危重患者机体大都处于应激状态下的高分解代谢水平,而合成代谢受限,机体出现营养不良。早期肠内营养的支持,可改善机体蛋白质合成及免疫功能,减少并发症的发生,降低病死率,促进患者尽快康复,这已成为提高危重患者救治成功的关键[8]。在早期肠内营养过程中,导管堵塞是肠内营养最常见的并发症,而这些并发症是可以预防的。堵管一旦发生,对病人的健康和生命造成严重的后果,在工作中应重视堵管发生的原因,做好相应的预防措施,制定相应的预防措施。鼻肠管打折及营养液阻塞等是鼻肠管堵塞常见原因。我们应妥善固定鼻肠管,避免营养液过于粘稠,药物充分磨碎、碾碎,温水及时冲洗鼻肠管,这样可有效地减少鼻肠管堵塞的发生,保证患者肠内营养的顺利进行。

参考文献

[1] 于建春,张严.肠内营养支持的合理使用及其并发症的预防.[J]国外医学外科学分册,1999 ,26(3):162~164.
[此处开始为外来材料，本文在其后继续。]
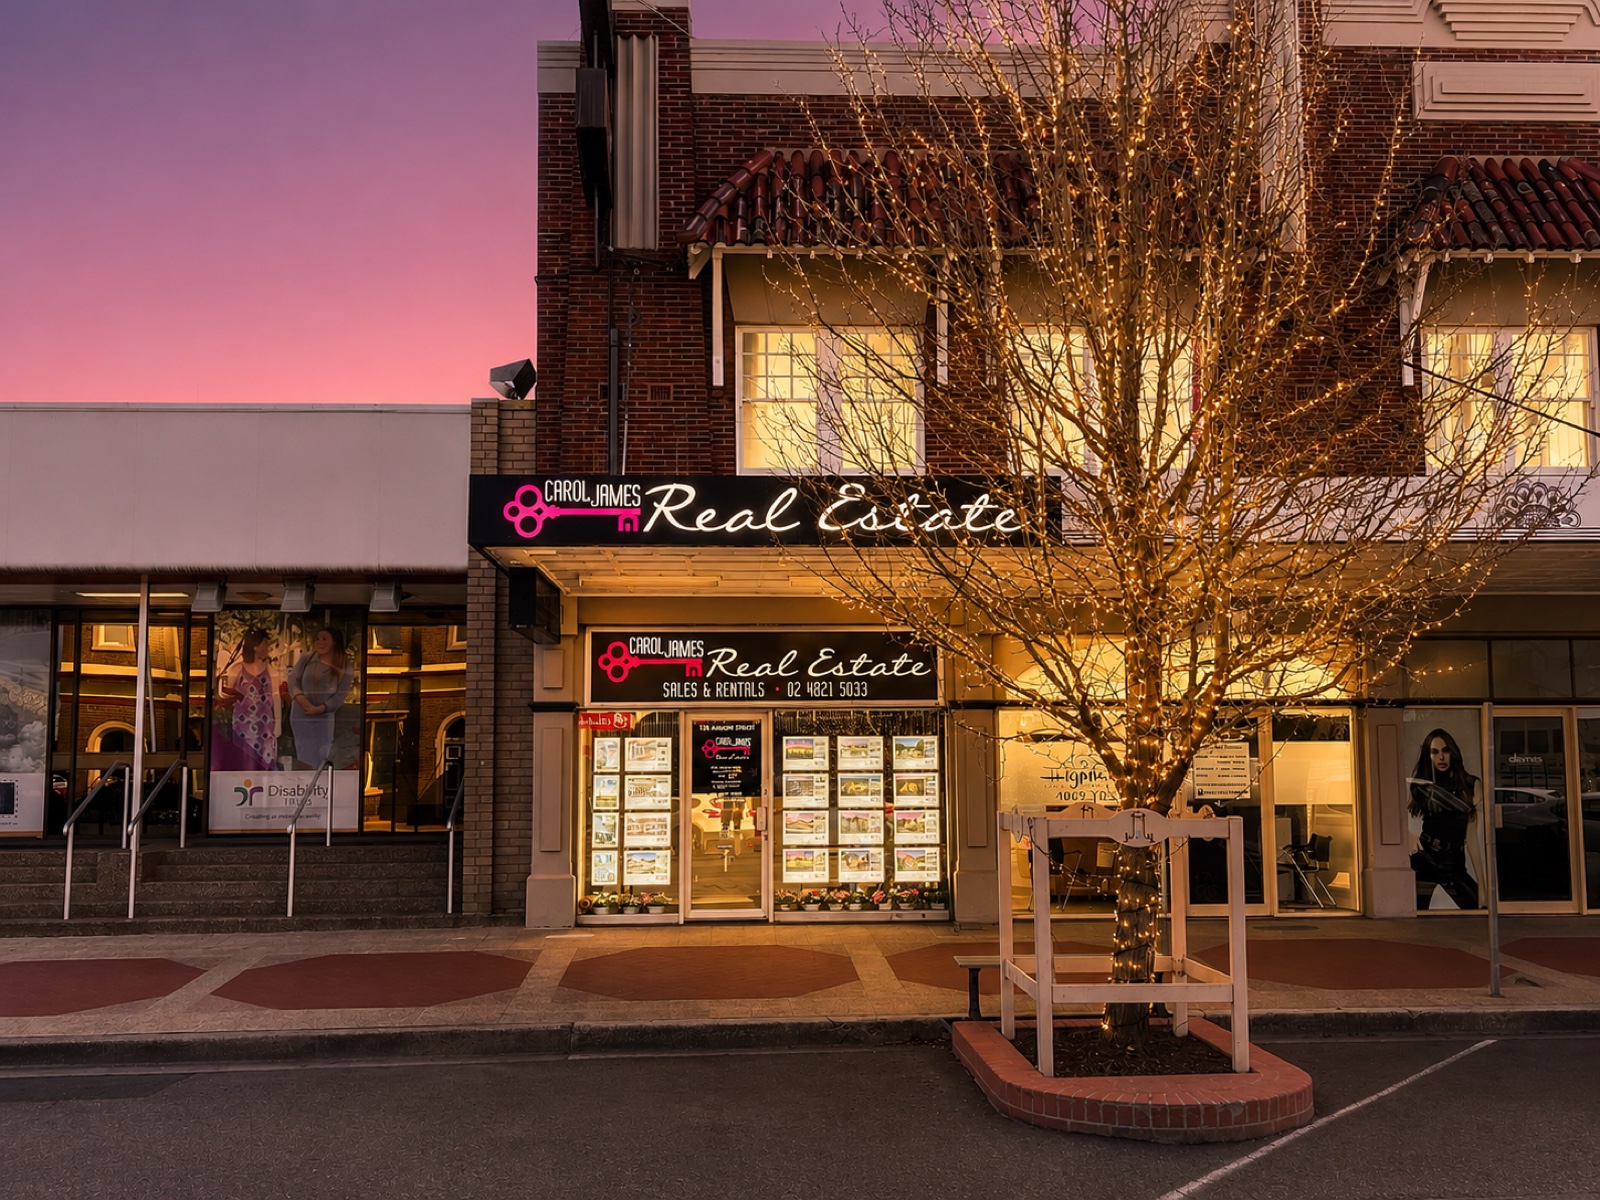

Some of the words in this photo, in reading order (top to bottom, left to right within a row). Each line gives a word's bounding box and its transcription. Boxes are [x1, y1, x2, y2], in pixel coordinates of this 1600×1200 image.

[2] 伍素华.胃肠道营养护理进展.国外医学(护理学分册),1995,14(5):198

[3] 袁军,江志伟.肠内营养应用过程中的常见错误认识.肠外与肠内营养.2001,10(8):253~255

[4] 孙明珠,李卫东.输液泵及输液增温器在肠内营养中的应用及护理[J].护士进修杂志,2004 ,19(10) :925~926.

[5] 杨翠芹.食管癌术后肠内营养并发症的原因分析及护理[J].护理学杂志2003 ,18(1) :23~24

[6] 倪元红,叶向红,高勇,彭南海.短肠综合征患者营养康复治疗的观察和护理.医学研究生学报.2007,6(2):593~596

[7] Sriram K,JayarthiV, Lakshmi RG, et al. Prophylatic locking of enteral feeding tubes with pancreatic enzymes[J]. JPEN, 1997,21():353~356.

[8] 吴国豪. 危重患者的营养支持[J].临床外科杂志,2006,14(4):206 ~208.